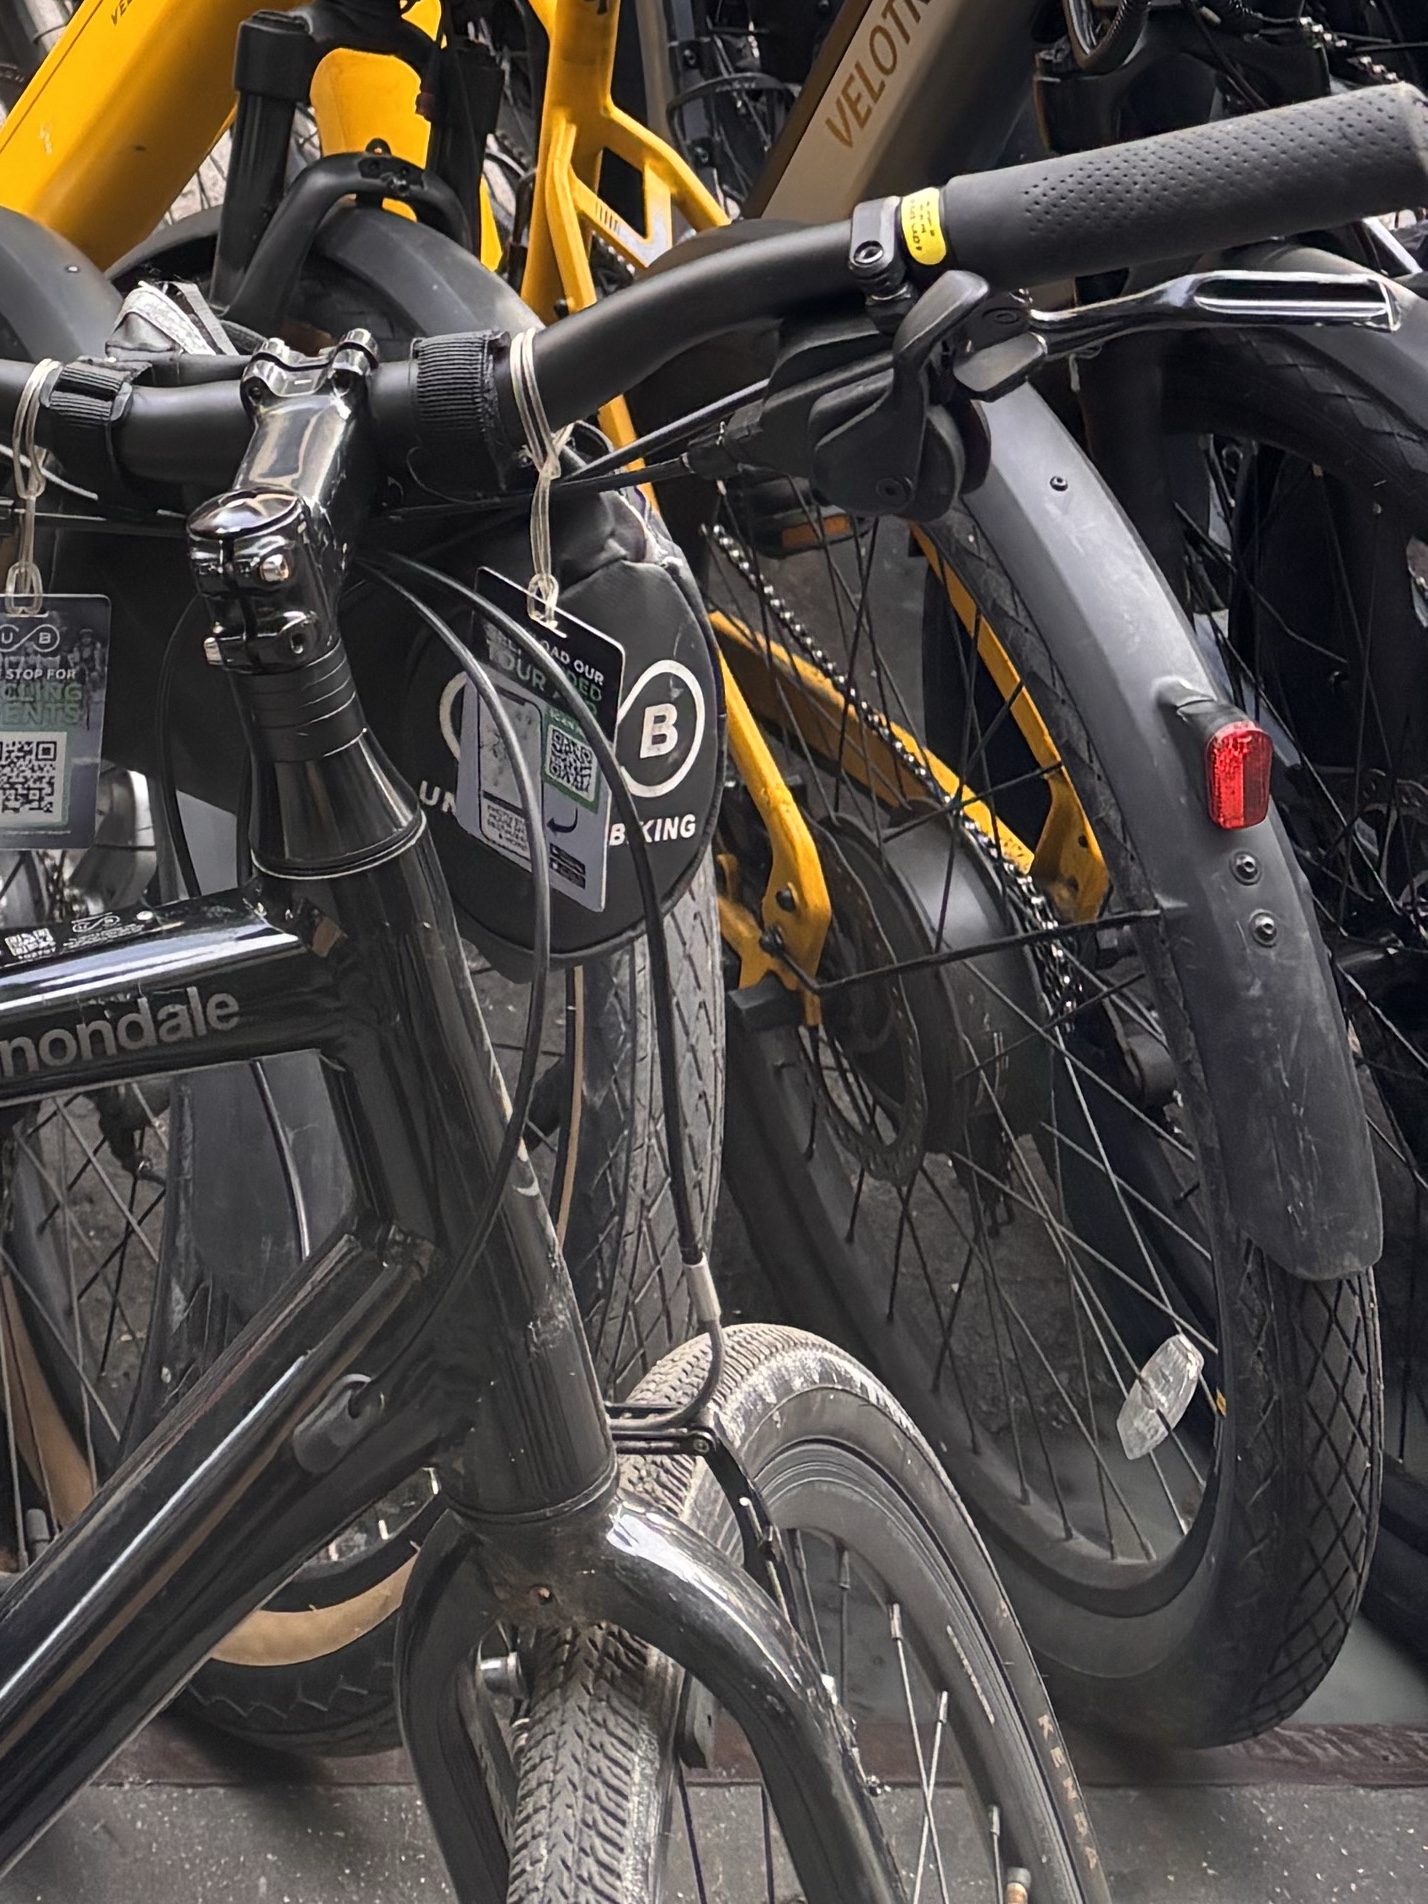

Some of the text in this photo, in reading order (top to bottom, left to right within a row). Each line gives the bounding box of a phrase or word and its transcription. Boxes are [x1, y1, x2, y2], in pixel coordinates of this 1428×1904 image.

[5, 668, 43, 680] STOP
[47, 668, 77, 680] FOR
[573, 658, 605, 687] OUR
[639, 702, 679, 759] B
[608, 813, 696, 847] BKING
[1037, 1714, 1097, 1871] KENDA

» Instructions to follow:
Return each line above word for word. Skip the pictures.

» Final answer:
Some of the text in this photo, in reading order (top to bottom, left to right within a row). Each line gives the bounding box of a phrase or word and its transcription. Boxes are [x1, y1, x2, y2], in pixel coordinates of this 1428×1904 image.

[5, 668, 43, 680] STOP
[47, 668, 77, 680] FOR
[573, 658, 605, 687] OUR
[639, 702, 679, 759] B
[608, 813, 696, 847] BKING
[1037, 1714, 1097, 1871] KENDA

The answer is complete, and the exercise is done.